Researchers from Universitat Rovira i Virgili and RMIT (Australia) created a silicon surface with small spikes. When viruses touch it, these spikes damage them, reducing infection by 96%. This technology could make labs with dangerous biological material safer and easier to manage for professionals.
Researchers have created a simple yet effective method to kill viruses: spiking them with tiny needles. This technique, involving ion bombardment of a metal plate, produces a surface with 2-nanometer thick hands that are 290 high. Using silicon for simplicity, this process requires no chemicals and holds high virucidal potential.
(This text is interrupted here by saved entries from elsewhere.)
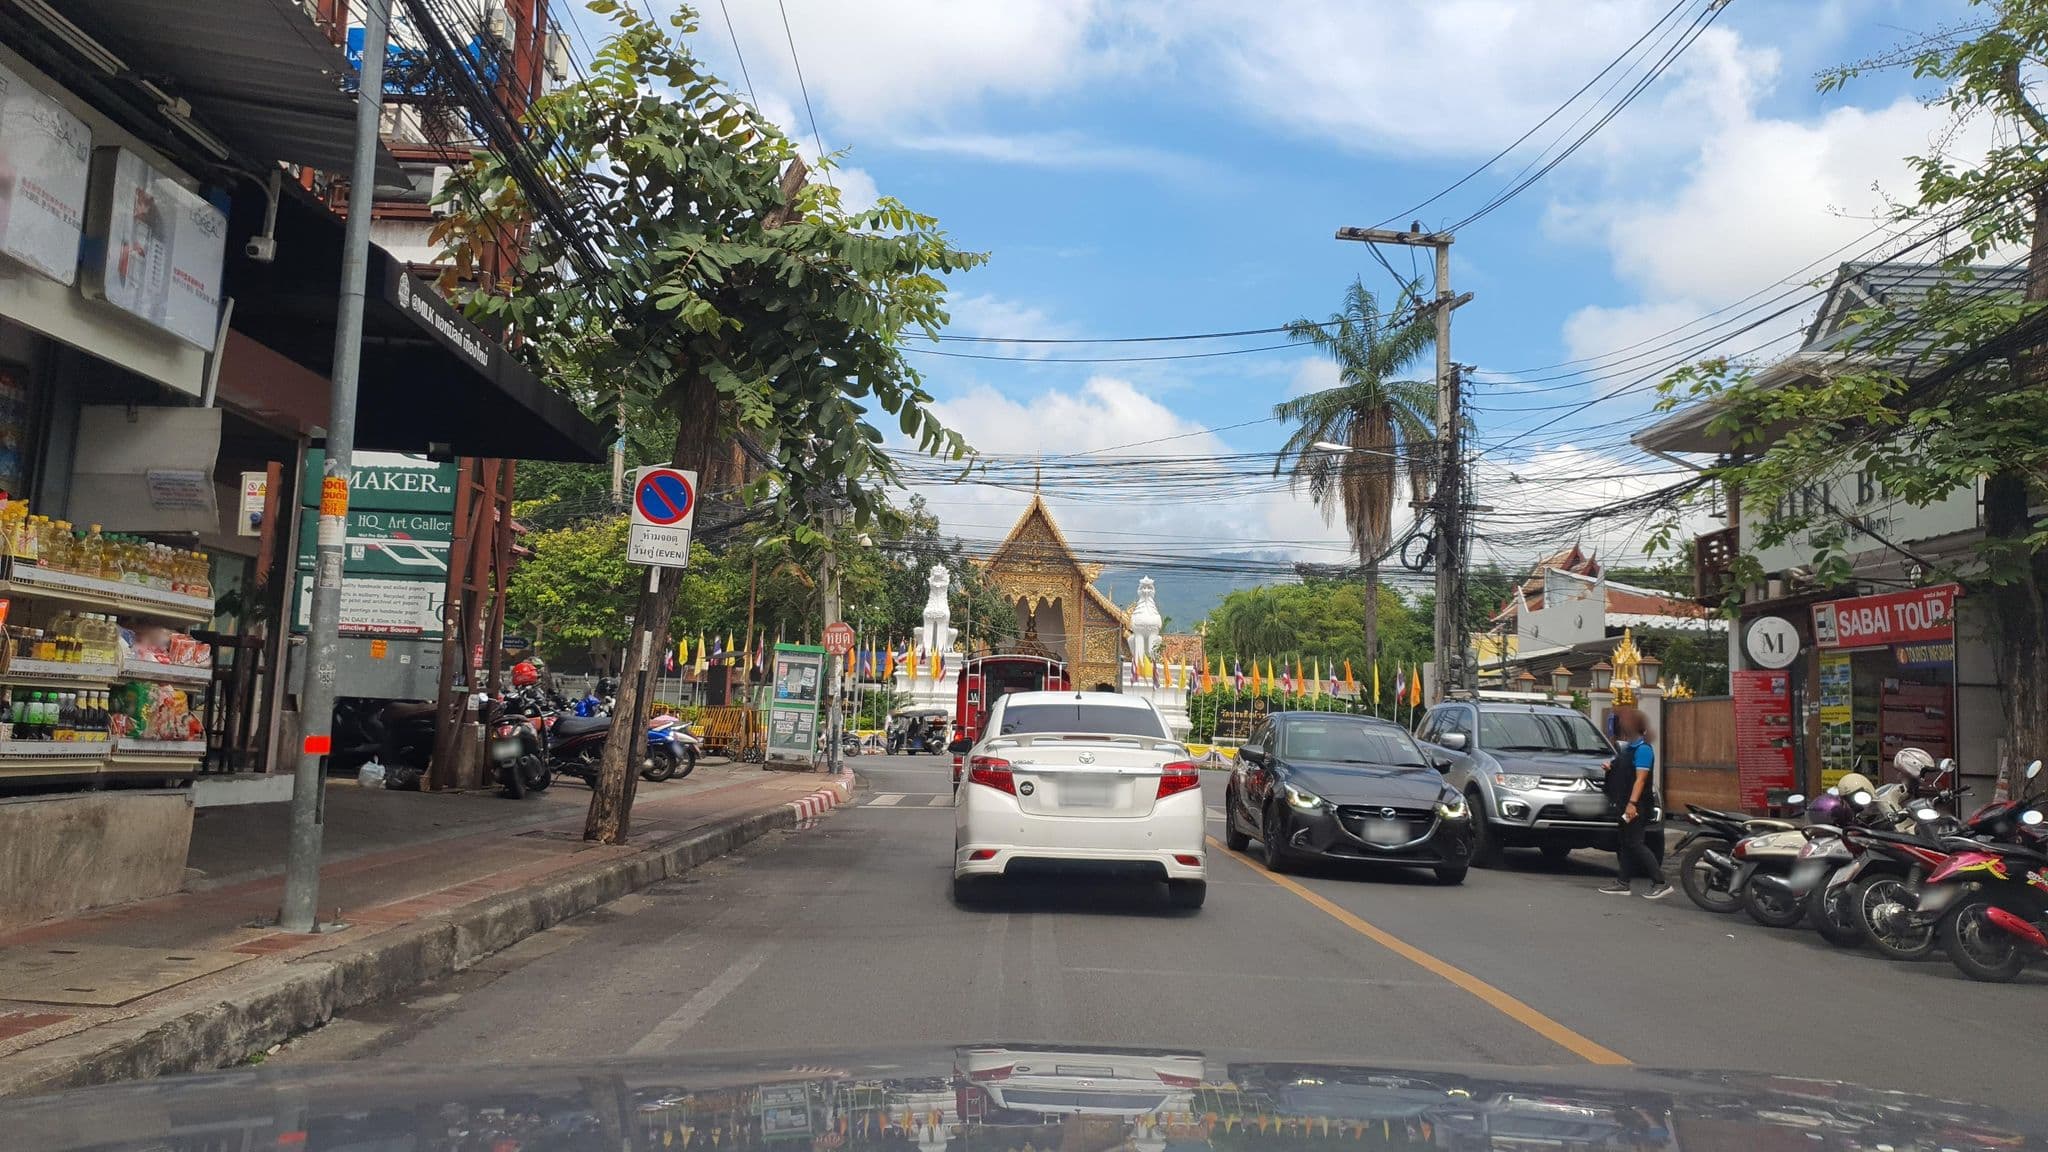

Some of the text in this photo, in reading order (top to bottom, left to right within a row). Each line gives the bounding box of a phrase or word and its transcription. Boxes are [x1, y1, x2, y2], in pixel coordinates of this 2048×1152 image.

[358, 514, 385, 531] HQ
[388, 516, 407, 529] Art
[410, 517, 451, 531] Galler
[655, 549, 685, 560] (EVEN)
[1839, 599, 1946, 637] SABAI TOUR
[390, 626, 420, 634] Souvenir
[1763, 632, 1785, 654] M
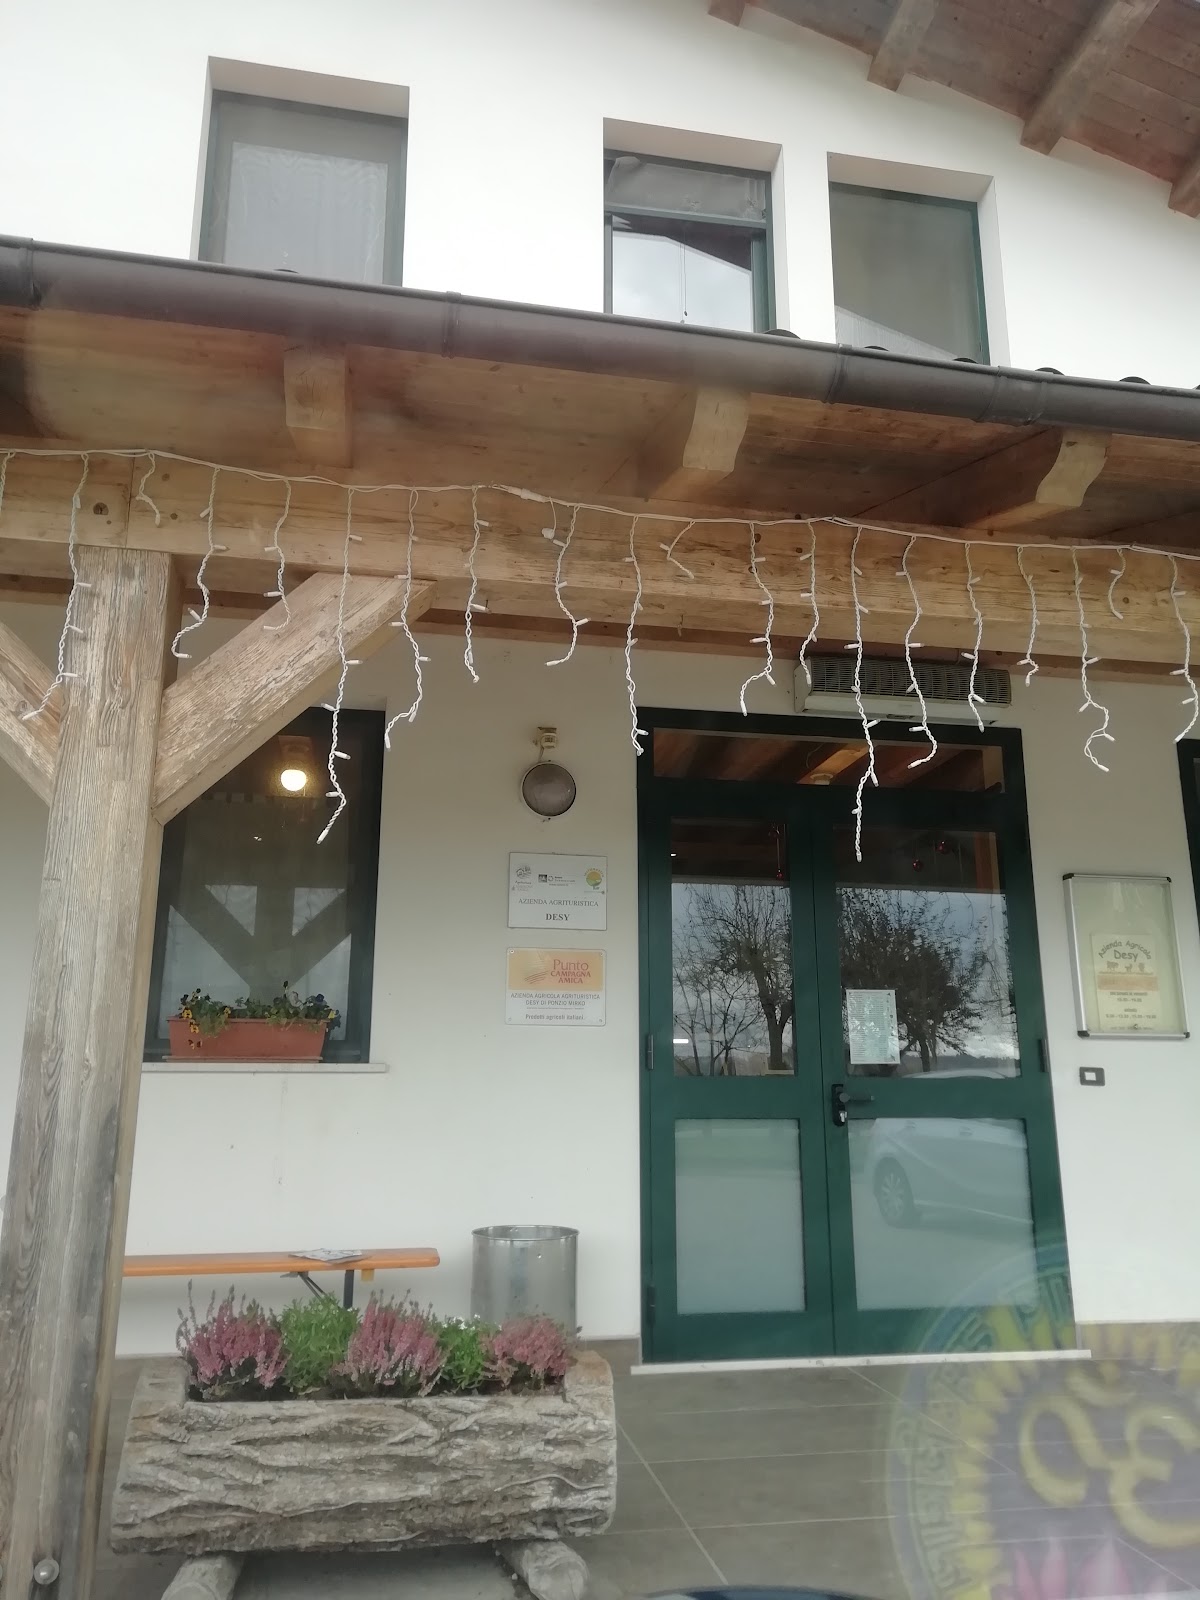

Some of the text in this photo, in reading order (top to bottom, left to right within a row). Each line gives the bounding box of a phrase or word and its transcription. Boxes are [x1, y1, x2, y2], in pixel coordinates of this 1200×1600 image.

[549, 899, 599, 907] AGRITURISTICA
[545, 913, 570, 921] DESY
[1098, 940, 1152, 960] Azienda Agricola
[1114, 949, 1139, 962] Desy
[553, 959, 589, 971] Punto
Baulin, who spent a decade studying nature-inspired methods for controlling microorganisms, draws inspiration from insect wings. He notes that nanometric structures in insect wings can pierce bacteria and fungi. The needles must be smaller due to virus size to combat viruses, like hPIV-3, which cause respiratory infections. Baulin highlights the safety of studying hPIV-3, an epidemiologically significant virus causing respiratory infections in children without fatal effects in adults.
The research team studied how viruses lose their infectious ability when touching the nanostructured surface, both theoretically and practically. URV researchers Baulin and Tzanov used the finite element method, a computational approach, to simulate virus-needle interactions. Simultaneously, RMIT University researchers conducted practical experiments, exposing the virus to the nanostructured surface and observing the outcomes.
The method is highly effective, turning off 96% of viruses within six hours of contact with the surface. The study confirms the virucidal effect, as the needles damage the virus structure or pierce the membrane. Applying this technology in risky places like labs or health centers can help contain infectious diseases, making these environments safer for researchers, health workers, and patients.
The research highlights the efficacy of mechanical methods in reducing viral infection ability by an impressive 96%. This innovative approach opens possibilities for improving safety measures in environments with potentially hazardous biological materials. The study’s findings provide a foundation for further exploration and practical implementation of this mechanical approach in diverse settings.
Journal reference:
- Samson W. L. Mah, Denver P. Linklater al., Piercing of the Human Parainfluenza Virus by Nanostructured Surfaces. ACS. DOI: 10.1021/acsnano.3c07099.